- _Task to complete_
Below are the records; restate all of them exactly.

- _Dataset entries_
Start of Block
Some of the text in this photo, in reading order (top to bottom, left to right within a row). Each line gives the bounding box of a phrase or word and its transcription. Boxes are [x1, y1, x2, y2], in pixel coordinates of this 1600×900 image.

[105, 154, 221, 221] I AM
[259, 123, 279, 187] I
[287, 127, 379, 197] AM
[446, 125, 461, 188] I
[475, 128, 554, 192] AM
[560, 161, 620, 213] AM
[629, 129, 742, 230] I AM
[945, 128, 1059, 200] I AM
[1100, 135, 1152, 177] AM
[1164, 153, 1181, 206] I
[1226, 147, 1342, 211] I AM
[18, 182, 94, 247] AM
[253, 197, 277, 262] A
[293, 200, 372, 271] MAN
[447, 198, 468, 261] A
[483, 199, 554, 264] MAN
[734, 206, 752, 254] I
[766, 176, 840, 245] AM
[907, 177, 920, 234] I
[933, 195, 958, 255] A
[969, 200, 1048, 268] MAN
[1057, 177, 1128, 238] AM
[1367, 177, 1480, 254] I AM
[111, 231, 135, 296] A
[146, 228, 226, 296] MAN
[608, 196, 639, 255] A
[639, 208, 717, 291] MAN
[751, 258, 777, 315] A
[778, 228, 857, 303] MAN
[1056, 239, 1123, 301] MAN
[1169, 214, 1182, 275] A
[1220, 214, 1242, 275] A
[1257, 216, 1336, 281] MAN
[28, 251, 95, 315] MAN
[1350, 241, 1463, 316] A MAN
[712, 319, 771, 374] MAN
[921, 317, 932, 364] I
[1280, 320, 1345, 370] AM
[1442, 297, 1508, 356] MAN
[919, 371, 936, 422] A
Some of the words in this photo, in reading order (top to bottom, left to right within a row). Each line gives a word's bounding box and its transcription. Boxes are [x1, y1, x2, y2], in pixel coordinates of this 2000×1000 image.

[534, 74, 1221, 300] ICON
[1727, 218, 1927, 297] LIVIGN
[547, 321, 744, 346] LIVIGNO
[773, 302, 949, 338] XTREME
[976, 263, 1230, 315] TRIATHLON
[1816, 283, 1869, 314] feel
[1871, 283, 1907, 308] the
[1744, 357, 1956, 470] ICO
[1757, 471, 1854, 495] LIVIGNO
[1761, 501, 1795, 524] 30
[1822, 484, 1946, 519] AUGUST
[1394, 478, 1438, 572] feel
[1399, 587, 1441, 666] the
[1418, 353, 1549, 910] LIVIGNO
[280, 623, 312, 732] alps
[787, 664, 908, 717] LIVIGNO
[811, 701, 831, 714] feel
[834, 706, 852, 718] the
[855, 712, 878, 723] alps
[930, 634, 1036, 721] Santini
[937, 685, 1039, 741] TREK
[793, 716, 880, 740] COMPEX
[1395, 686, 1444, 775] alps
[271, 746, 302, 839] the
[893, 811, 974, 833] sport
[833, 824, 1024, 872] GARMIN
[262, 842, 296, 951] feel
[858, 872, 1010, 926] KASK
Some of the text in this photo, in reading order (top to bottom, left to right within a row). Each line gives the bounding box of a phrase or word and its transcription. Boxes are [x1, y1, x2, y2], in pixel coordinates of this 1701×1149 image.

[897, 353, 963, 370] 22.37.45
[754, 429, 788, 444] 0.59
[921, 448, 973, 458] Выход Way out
End of Block
- _Expected answer_
Some of the text in this photo, in reading order (top to bottom, left to right within a row). Each line gives the bounding box of a phrase or word and its transcription. Boxes are [x1, y1, x2, y2], in pixel coordinates of this 1600×900 image.

[105, 154, 221, 221] I AM
[259, 123, 279, 187] I
[287, 127, 379, 197] AM
[446, 125, 461, 188] I
[475, 128, 554, 192] AM
[560, 161, 620, 213] AM
[629, 129, 742, 230] I AM
[945, 128, 1059, 200] I AM
[1100, 135, 1152, 177] AM
[1164, 153, 1181, 206] I
[1226, 147, 1342, 211] I AM
[18, 182, 94, 247] AM
[253, 197, 277, 262] A
[293, 200, 372, 271] MAN
[447, 198, 468, 261] A
[483, 199, 554, 264] MAN
[734, 206, 752, 254] I
[766, 176, 840, 245] AM
[907, 177, 920, 234] I
[933, 195, 958, 255] A
[969, 200, 1048, 268] MAN
[1057, 177, 1128, 238] AM
[1367, 177, 1480, 254] I AM
[111, 231, 135, 296] A
[146, 228, 226, 296] MAN
[608, 196, 639, 255] A
[639, 208, 717, 291] MAN
[751, 258, 777, 315] A
[778, 228, 857, 303] MAN
[1056, 239, 1123, 301] MAN
[1169, 214, 1182, 275] A
[1220, 214, 1242, 275] A
[1257, 216, 1336, 281] MAN
[28, 251, 95, 315] MAN
[1350, 241, 1463, 316] A MAN
[712, 319, 771, 374] MAN
[921, 317, 932, 364] I
[1280, 320, 1345, 370] AM
[1442, 297, 1508, 356] MAN
[919, 371, 936, 422] A
Some of the words in this photo, in reading order (top to bottom, left to right within a row). Each line gives a word's bounding box and its transcription. Boxes are [x1, y1, x2, y2], in pixel coordinates of this 2000×1000 image.

[534, 74, 1221, 300] ICON
[1727, 218, 1927, 297] LIVIGN
[547, 321, 744, 346] LIVIGNO
[773, 302, 949, 338] XTREME
[976, 263, 1230, 315] TRIATHLON
[1816, 283, 1869, 314] feel
[1871, 283, 1907, 308] the
[1744, 357, 1956, 470] ICO
[1757, 471, 1854, 495] LIVIGNO
[1761, 501, 1795, 524] 30
[1822, 484, 1946, 519] AUGUST
[1394, 478, 1438, 572] feel
[1399, 587, 1441, 666] the
[1418, 353, 1549, 910] LIVIGNO
[280, 623, 312, 732] alps
[787, 664, 908, 717] LIVIGNO
[811, 701, 831, 714] feel
[834, 706, 852, 718] the
[855, 712, 878, 723] alps
[930, 634, 1036, 721] Santini
[937, 685, 1039, 741] TREK
[793, 716, 880, 740] COMPEX
[1395, 686, 1444, 775] alps
[271, 746, 302, 839] the
[893, 811, 974, 833] sport
[833, 824, 1024, 872] GARMIN
[262, 842, 296, 951] feel
[858, 872, 1010, 926] KASK
Some of the text in this photo, in reading order (top to bottom, left to right within a row). Each line gives the bounding box of a phrase or word and its transcription. Boxes are [x1, y1, x2, y2], in pixel coordinates of this 1701×1149 image.

[897, 353, 963, 370] 22.37.45
[754, 429, 788, 444] 0.59
[921, 448, 973, 458] Выход Way out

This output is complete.